これよりもう少し軽いものなら、喧嘩の時に幾らでも感じたことがある。
だが、こんな全身を押しつぶすような空気は、今まで味わったことが無かった。
「こ、れ…血、だよね…カービィ、本当に行くの?」
帰りたかった。
今すぐ来た道をダッシュで引き返して、祭りの輪の中に入りたかった。
たっぷり騒いで、家の布団でぐっすりと眠りたかった。
だと、いうのに。己の足は、真っ直ぐに大部屋を目指していた。
逃げられないということを、本能が、全身が悟っていた。腰から幅広の大剣を引き抜く。
「帰りたかったら、帰ってもいいぞ。…いや、帰った方がいい」
突き放すように言ったつもりだが、お見通しだったらしい。
「まさか。一人でこの道を戻るなんて、先に進むより怖いよ」
そう言っている友の目には、恐怖など全くなかった。あったのは、優しさのみ。
どうも自分は考えていることが顔に出やすいらしいと、今さらながらカービィは気づいた。

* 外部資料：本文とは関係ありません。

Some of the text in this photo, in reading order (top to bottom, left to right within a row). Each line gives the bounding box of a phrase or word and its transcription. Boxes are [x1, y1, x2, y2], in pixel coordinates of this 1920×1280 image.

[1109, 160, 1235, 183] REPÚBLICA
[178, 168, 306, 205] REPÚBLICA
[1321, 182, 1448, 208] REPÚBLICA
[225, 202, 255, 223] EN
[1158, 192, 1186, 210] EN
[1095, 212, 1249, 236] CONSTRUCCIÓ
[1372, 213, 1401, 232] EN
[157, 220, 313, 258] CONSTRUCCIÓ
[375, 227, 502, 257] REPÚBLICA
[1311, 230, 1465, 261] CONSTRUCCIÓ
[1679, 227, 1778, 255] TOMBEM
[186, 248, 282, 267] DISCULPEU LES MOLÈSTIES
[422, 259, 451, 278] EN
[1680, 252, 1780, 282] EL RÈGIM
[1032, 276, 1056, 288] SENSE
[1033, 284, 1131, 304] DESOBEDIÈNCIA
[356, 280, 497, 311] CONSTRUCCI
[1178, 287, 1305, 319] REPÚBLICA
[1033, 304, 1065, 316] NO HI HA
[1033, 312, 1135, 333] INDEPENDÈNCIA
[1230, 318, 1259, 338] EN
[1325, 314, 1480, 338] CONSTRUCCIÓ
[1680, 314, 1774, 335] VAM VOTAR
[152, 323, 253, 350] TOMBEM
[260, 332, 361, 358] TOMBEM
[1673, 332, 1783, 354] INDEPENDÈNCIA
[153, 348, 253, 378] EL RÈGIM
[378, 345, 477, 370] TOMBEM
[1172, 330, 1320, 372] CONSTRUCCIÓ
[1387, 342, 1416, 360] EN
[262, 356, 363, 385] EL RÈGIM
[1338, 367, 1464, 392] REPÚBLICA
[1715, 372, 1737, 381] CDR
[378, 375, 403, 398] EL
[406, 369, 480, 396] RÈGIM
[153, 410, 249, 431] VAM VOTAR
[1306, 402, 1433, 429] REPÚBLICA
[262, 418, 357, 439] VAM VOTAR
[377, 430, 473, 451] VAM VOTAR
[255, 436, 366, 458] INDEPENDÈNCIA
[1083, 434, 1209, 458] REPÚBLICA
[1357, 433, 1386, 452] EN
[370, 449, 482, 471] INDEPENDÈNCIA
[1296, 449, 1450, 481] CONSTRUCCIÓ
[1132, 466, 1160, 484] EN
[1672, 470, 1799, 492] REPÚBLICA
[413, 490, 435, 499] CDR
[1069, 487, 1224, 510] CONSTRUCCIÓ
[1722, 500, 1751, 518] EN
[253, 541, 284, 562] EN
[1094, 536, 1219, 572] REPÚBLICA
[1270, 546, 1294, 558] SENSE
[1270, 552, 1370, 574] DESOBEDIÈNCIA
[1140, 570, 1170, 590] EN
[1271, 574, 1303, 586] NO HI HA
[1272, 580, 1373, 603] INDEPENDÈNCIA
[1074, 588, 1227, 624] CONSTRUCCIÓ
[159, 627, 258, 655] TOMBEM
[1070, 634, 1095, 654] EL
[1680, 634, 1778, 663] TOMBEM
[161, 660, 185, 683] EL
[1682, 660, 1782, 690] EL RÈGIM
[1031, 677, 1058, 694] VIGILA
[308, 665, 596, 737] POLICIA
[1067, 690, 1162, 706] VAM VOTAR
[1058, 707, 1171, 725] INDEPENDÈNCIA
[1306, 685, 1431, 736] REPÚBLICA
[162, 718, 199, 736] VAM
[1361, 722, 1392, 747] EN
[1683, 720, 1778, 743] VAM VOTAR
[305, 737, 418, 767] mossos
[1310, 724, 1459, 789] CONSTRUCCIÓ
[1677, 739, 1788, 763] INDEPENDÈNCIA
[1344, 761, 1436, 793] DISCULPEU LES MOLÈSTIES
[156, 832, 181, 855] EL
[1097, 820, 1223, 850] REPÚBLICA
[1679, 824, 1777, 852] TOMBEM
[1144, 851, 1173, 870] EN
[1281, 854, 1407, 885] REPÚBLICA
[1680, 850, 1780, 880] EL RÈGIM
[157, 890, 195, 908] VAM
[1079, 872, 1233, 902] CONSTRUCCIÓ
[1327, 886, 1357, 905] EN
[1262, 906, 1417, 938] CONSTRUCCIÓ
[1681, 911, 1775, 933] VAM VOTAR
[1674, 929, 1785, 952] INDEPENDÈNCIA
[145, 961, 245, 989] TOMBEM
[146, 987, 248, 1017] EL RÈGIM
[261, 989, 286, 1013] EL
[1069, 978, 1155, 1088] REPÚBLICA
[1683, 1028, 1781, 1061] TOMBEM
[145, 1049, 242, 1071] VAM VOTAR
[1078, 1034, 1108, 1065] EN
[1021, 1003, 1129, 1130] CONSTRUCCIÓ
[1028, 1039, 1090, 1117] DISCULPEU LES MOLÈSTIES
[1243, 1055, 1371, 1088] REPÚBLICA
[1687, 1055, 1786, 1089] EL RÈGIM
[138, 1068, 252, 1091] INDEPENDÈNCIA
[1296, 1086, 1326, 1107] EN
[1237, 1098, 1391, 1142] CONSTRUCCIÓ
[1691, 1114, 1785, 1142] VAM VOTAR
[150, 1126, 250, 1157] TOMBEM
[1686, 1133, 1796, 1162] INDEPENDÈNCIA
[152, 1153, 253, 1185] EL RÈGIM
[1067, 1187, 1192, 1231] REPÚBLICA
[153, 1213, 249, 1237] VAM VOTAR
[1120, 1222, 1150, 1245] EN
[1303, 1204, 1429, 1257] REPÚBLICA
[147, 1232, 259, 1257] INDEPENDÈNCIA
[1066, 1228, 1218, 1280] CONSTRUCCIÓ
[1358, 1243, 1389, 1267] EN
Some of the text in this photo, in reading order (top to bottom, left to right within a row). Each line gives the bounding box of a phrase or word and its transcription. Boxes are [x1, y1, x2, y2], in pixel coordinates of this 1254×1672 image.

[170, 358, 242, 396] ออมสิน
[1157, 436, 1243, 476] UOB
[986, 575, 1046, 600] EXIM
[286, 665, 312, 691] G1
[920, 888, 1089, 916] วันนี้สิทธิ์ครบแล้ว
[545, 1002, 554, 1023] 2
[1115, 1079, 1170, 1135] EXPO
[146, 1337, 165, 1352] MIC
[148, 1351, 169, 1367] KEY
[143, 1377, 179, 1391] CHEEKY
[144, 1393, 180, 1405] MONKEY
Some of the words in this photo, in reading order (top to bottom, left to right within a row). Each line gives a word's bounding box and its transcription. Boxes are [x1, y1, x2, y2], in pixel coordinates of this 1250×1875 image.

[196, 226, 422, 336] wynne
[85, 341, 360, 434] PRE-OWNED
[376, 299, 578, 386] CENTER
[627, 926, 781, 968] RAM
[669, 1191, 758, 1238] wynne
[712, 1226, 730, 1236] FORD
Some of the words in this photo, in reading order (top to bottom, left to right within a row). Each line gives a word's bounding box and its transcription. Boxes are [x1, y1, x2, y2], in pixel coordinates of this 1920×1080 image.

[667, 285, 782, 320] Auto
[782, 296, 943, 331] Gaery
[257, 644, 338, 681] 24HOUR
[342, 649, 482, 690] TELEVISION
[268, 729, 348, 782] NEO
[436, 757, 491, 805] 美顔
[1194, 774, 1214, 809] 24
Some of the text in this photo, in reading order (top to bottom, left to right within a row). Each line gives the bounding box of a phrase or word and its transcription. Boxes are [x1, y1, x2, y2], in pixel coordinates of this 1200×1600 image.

腹を決めて入り口をくぐると、頭に浮かんでいた友のありがたみは一瞬で吹っ飛んだ。
背を割って倒れているワドルディ族、ここまでは予想の範疇だった。
しかしその数メートル横で打ち合いを繰り広げていたのは、斧を持ったブレードナイト族と
―――魔女だった。
紫のローブに、つばの広い先が折れた三角帽子手も足も見えず、ふわふわと宙に漂いながら
絵筆を振るっている。杖ではなく筆だったが、それを差し引いても魔女とみて間違いなかった。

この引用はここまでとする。